Siete de cada diez andaluces prefieren recurrir a una planta medicinal para ayudarles a dormir antes que un somnífero de origen químico, según datos del Centro de Investigación sobre Fitoterapia (INFITO), que ha puesto en marcha la campaña Duerme de forma natural en las farmacias andaluzas donde recomiendan las plantas medicinales más adecuadas para cada persona y ofrecen consejos para combatir el insomnio. Además, en el blog http://www.insomnio.edu.es, en e Salud , Farmacia , Psicología , Belleza, Medicamentosl que participa la Sociedad Española para el Estudio de la Ansiedad y el Estrés (SEAS), se contestarán las preguntas de pacientes y profesionales de la salud relacionadas con este trastorno.

“Las plantas medicinales de dispensación farmacéutica comola Amapola de California, la Pasiflora y la Valeriana  pueden ayudar a obtener un sueño reparador sin los efectos secundarios que causan los psicofármacos como la somnolencia diurna o la falta de concentración y atención”, según Concha Navarro, catedrática de Farmacología de la Universidad de Granada y presidenta de INFITO. Sin embargo, “estos preparados deben adquirirse en la farmacia, donde nos aseguramos que tengan un control de calidad y eficacia, y que incluya un prospecto con sus indicaciones y otras informaciones de interés para el paciente. En caso de que el insomnio se cronifique lo recomendable es acudir a un profesional de la salud”, advierte.

La Amapola de California, en concreto, “resulta muy eficaz para aliviar la ansiedad y conciliar el sueño”,la Pasiflora “es capaz de prolongar las fases del sueño profundo y evitar los despertares nocturnos”, y por último, la Valeriana, “que reduce la ansiedad y favorece el sueño sin producir somnolencia diurna” destaca esta especialista.

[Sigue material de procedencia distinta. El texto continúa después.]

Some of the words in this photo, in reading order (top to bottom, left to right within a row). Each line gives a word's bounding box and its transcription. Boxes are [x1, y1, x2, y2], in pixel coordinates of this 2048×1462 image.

Más de un tercio de los adultos ha utilizado alguna vez un ansiolítico para dormir, y de ellos cerca de una cuarta parte dice haber sufrido algún efecto secundario, como dificultad de concentración, dependencia y somnolencia diurna, según una encuesta realizada por INFITO. “Los efectos secundarios que puede ocasionar el uso continuado de hipnóticos sin prescripción médica,  puede provocar un mayor riesgo de accidentes laborales y de tráfico y un importante absentismo laboral”, advierte la doctora Rosa Peraita Adrados, de la Unidad de Sueño del Hospital Gregorio Marañón, de Madrid. Así, una investigación alemana, publicada en la revista Pharmacoepidemiology and Drug Safety del mes de octubre, revela que “la incidencia de lesiones se incrementa fuertemente con las dosis de antidepresivos, ansiolíticos, hipnóticos y sedantes”. Los problemas derivados del uso de estos tratamientos aumentan en personas mayores, sobre todo en mujeres, que a menudo no saben manejarlos, según un análisis de la Universidad Rey Juan Carlos, de Madrid, publicado en el número de octubre de International Psychogeriatry.

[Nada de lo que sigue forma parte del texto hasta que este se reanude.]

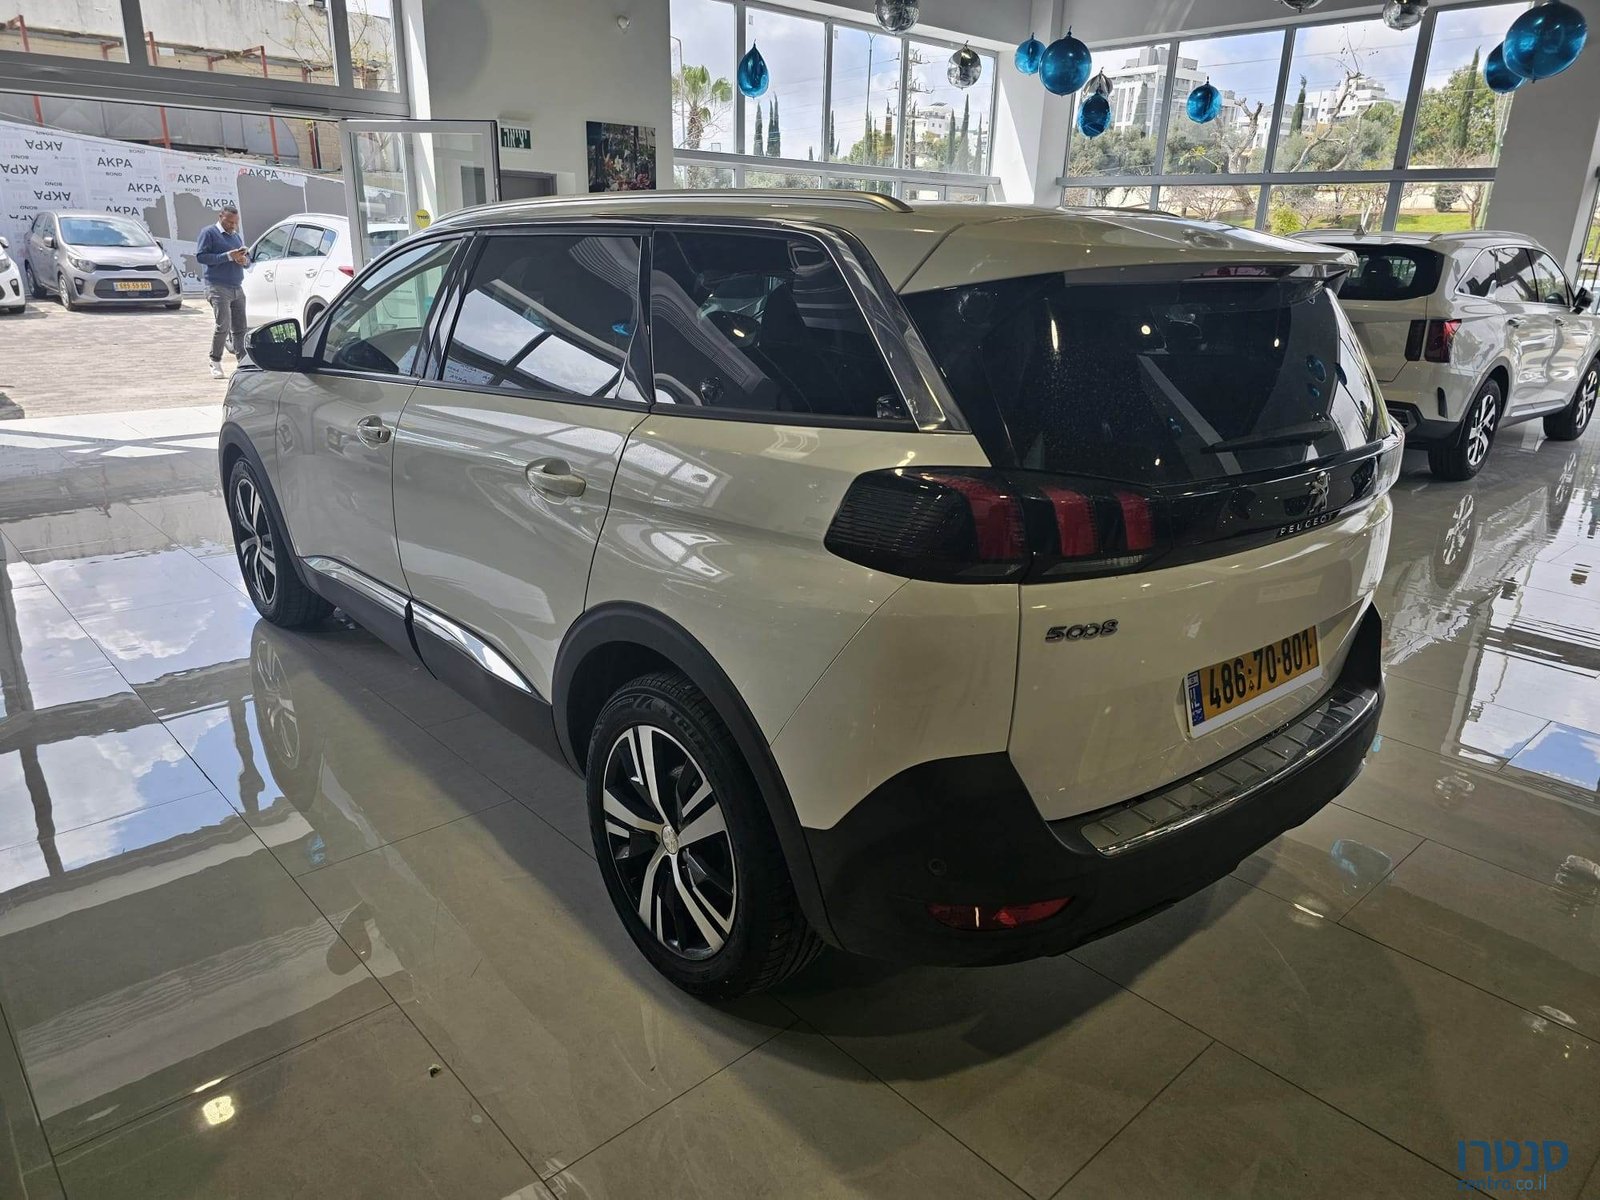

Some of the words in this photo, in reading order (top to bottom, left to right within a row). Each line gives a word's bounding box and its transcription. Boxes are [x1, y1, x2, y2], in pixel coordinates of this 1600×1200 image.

Retraso a la hora de irse a dormir
Uno de cada cuatro andaluces confiesa acostarse cada vez más tarde, según los datos aportados por INFITO. Entre los motivos que hacen que se vayan más tarde a la cama están el ordenador, la televisión o los nervios. “Cada vez es más habitual irse a la cama con la tablet o el móvil y quedarse enganchado a Internet. Esto no sólo acorta las horas de sueño sino que repercute en su calidad. Por eso recomendamos desconectar de todo aquello que pueda excitar nuestros sentidos al menos dos horas antes de acostarse”, explica la doctora Peraita Adrados.

Los adolescentes “son especialmente vulnerables por el acortamiento de las horas de sueño debido al uso de la TV, el teléfono móvil, las redes sociales e internet en general”, asegura la doctora Rosa Peraita Adrados. Un estudio francés publicado en octubre en la revista PlosOnLine demuestra que el 16% de los niños de 11 años y el 40% de los de 15 sufren privaciones del sueño. “La restricción en la duración del sueño entre jóvenes adultos y adolescentes ha mostrado incrementar el riesgo de morbilidades como obesidad, diabetes y accidentes laborales y de tráfico”, concluye.